When you and your spouse decide to get a divorce, this decision may have come after careful deliberation and, in some cases, extensive marriage counseling. Each divorce is unique, and your breakup will undoubtedly impact your children in various ways. How your children respond may depend on their age, their personality, and the circumstances of the divorce. The initial reaction is often shock, anger, sadness, or fear. While dealing with these emotions can be difficult, there are ways you and your ex can help your children adjust during this major transition. As with anything in life, going through a divorce can be a learning experience for all involved parties.
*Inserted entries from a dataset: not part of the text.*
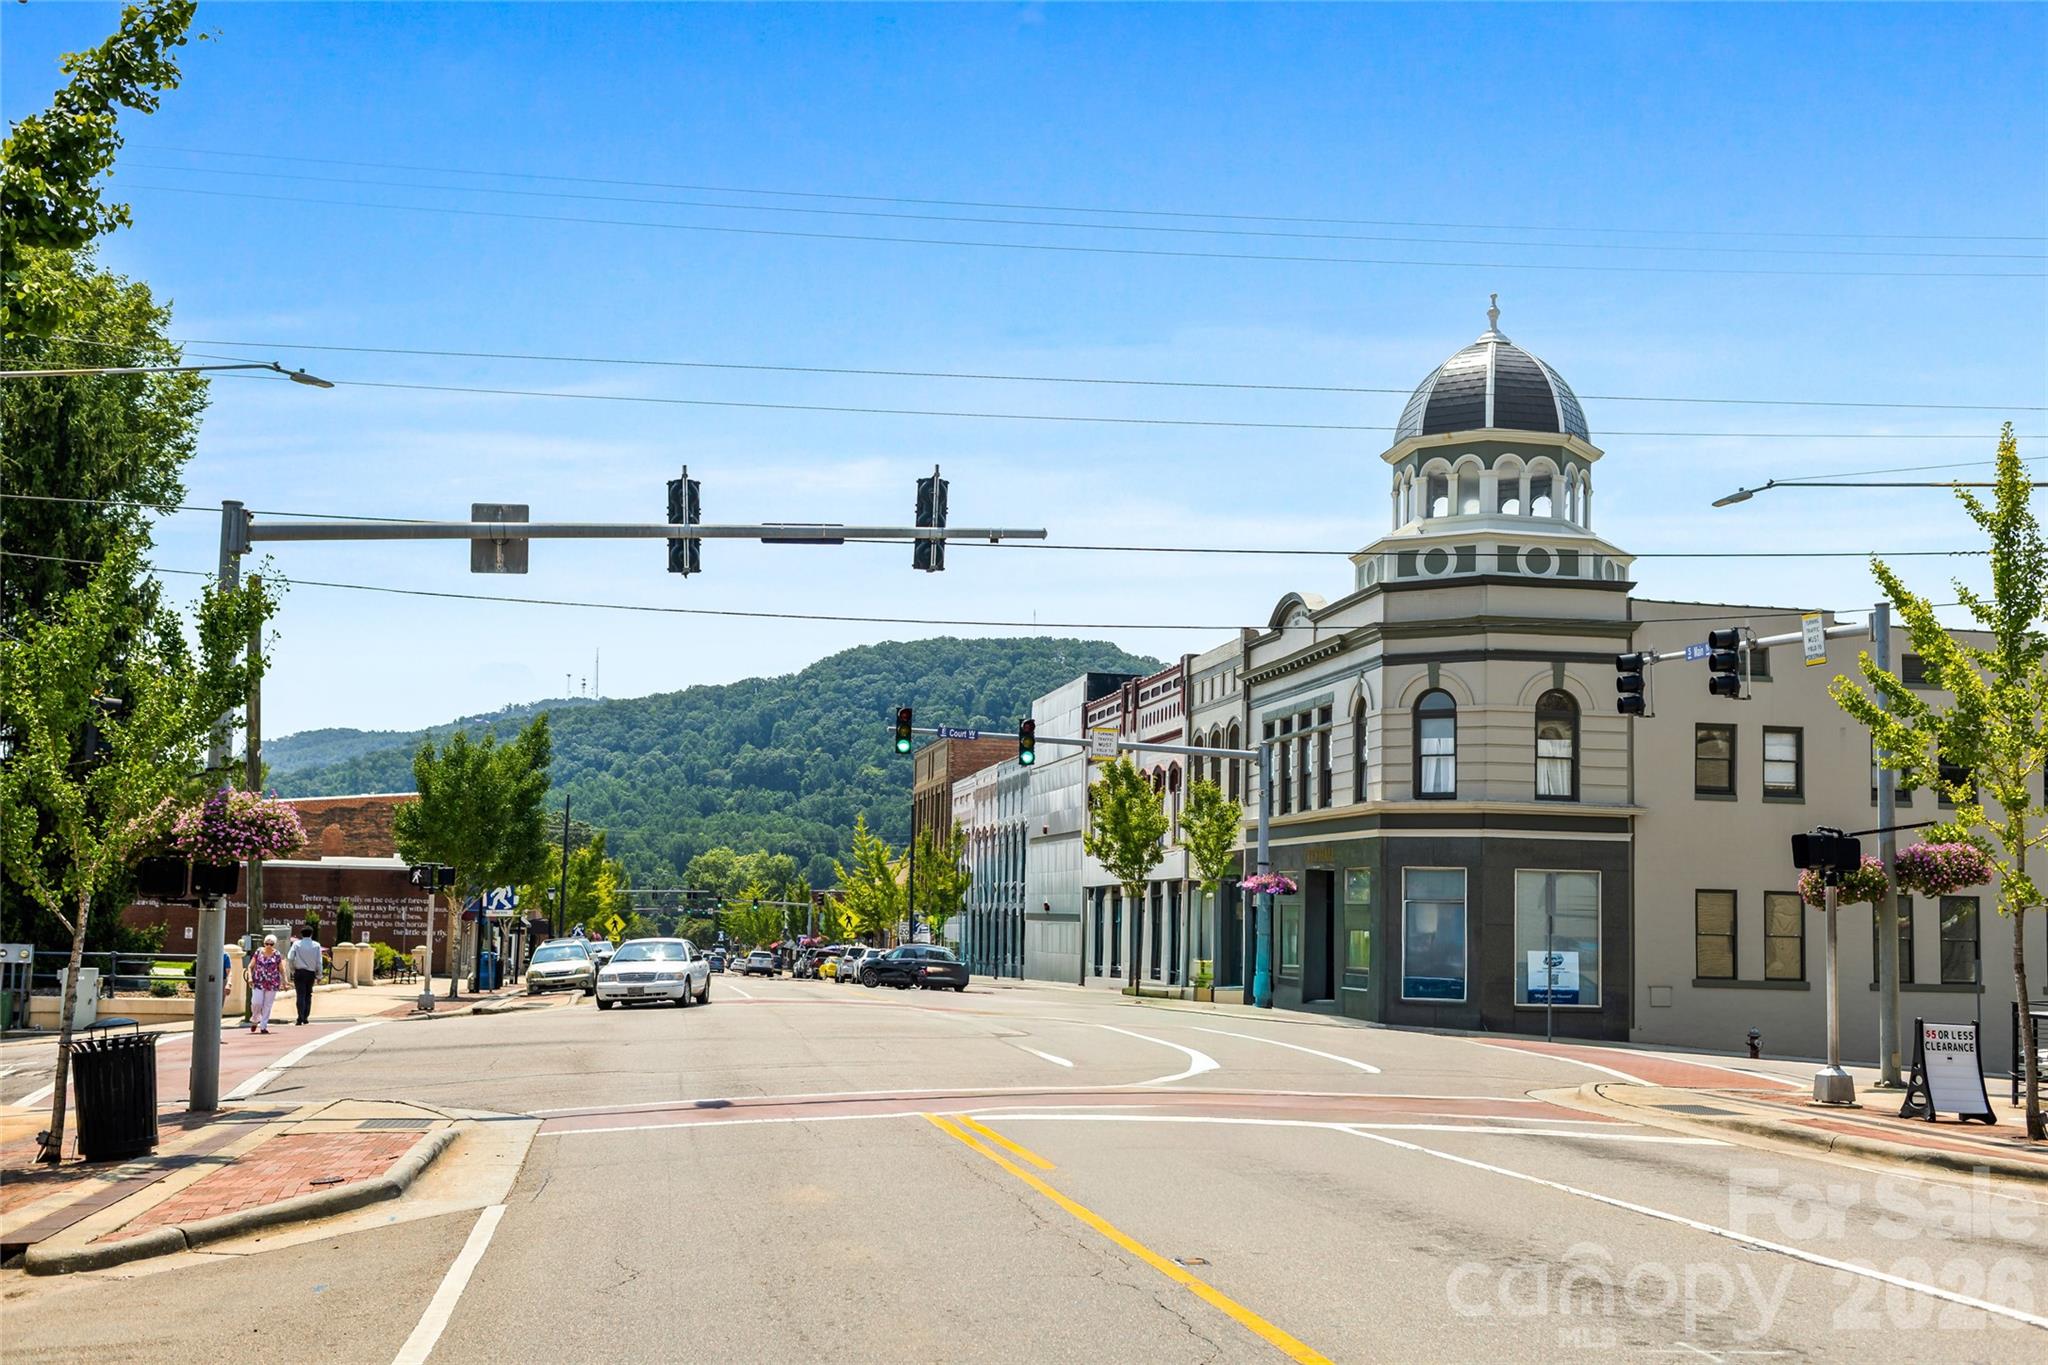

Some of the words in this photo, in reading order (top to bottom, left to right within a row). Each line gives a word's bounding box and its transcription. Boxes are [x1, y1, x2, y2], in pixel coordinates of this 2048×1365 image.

[950, 729, 967, 738] Court
[1938, 1030, 1949, 1040] OR
[1951, 1031, 1974, 1040] LESS
[1925, 1041, 1974, 1052] CLEARANCE
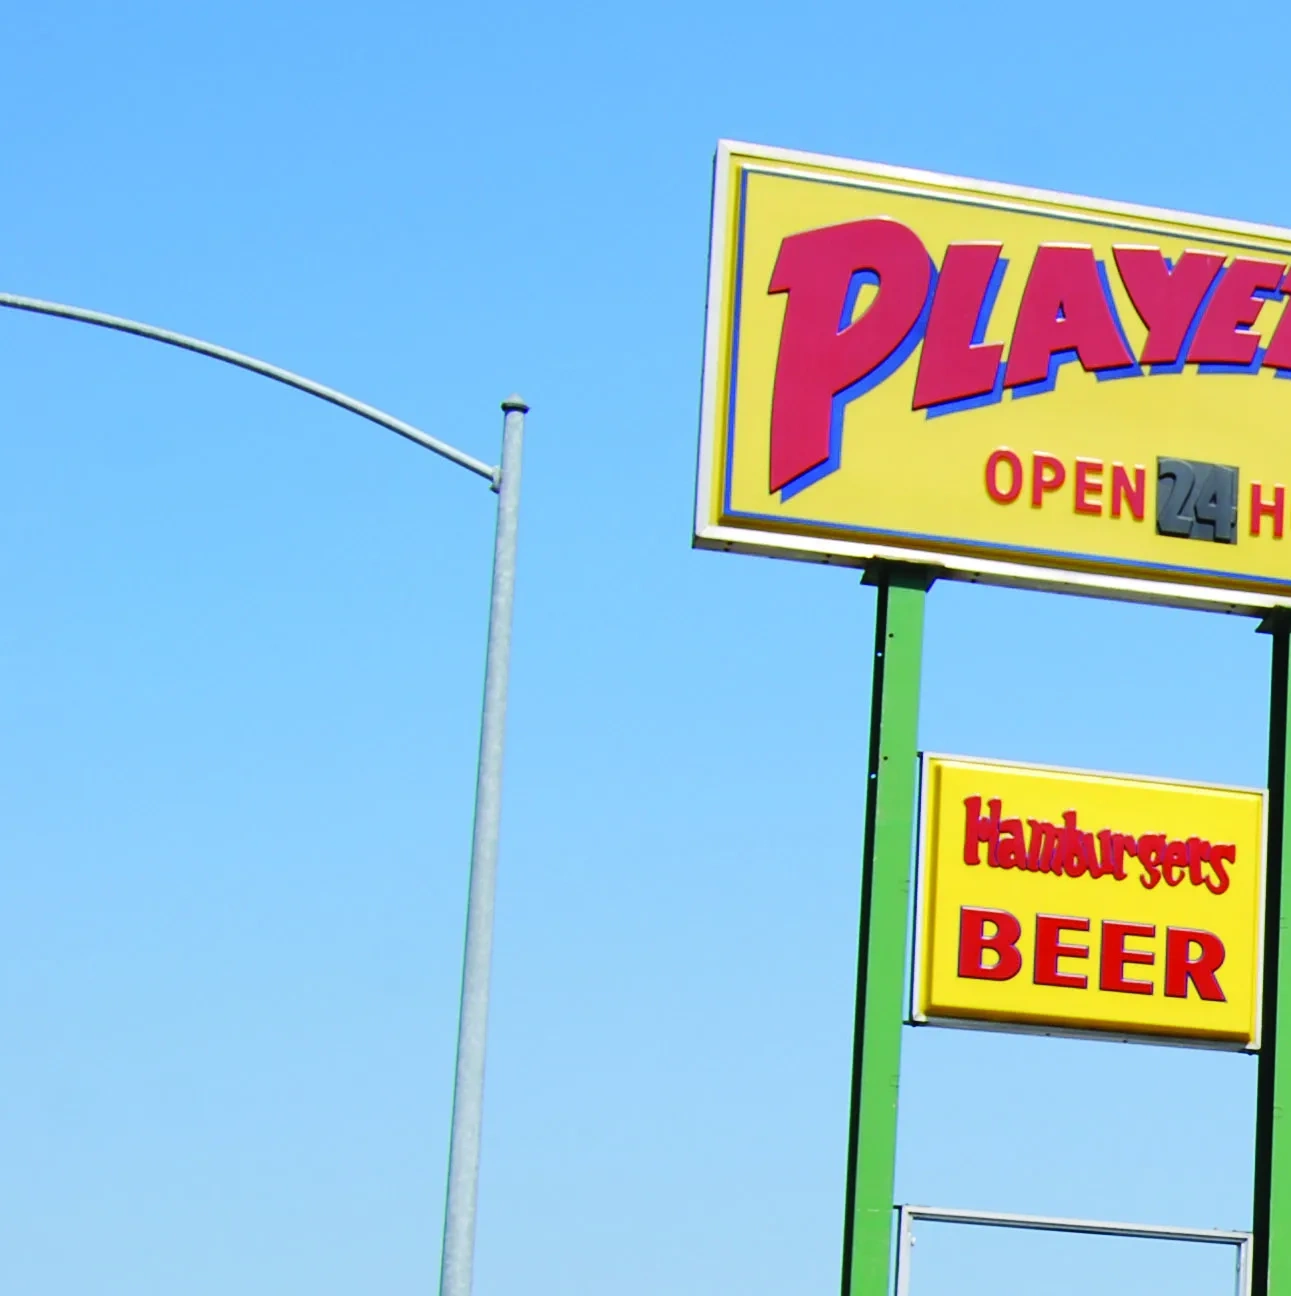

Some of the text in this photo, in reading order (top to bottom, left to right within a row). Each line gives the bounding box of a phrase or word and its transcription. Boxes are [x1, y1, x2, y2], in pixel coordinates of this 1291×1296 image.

[984, 446, 1146, 522] OPEN
[1156, 457, 1238, 544] 24
[963, 794, 1236, 895] Hamburgers
[957, 905, 1228, 1002] BEER
The coping mechanisms that your children learn for dealing with stress during your divorce may help them grow up to be more flexible, accepting adults.
Practical Steps for Moving On
Similar to how adults often need emotional support from friends, family members, or mental health professionals during a divorce, children also may require extra attention during this transitional phase. In some situations, children might think the divorce is their fault, and they may blame themselves for the breakup of the marriage. It is critical to make sure they understand the divorce is not a result of anything they did or did not do; it is something between you and your spouse.
Kids may also have a delayed reaction to the divorce. Stress can manifest itself in many ways, such as getting into trouble at school or fluctuation in appetite, sleep schedule, or behavior. They may “act out” and do things they normally would not do as a means of getting attention or rebelling against the idea of their family breaking up. It is imperative that you think about how your divorce will affect your children, rather than just thinking about yourself.
Below are some tips for helping your children cope during and after your divorce:
Encourage open communication and honesty.
Legitimize their feelings.
Make sure they know you love them.
Maintain consistency and routine.
Do not talk about the details of your divorce in front of the kids.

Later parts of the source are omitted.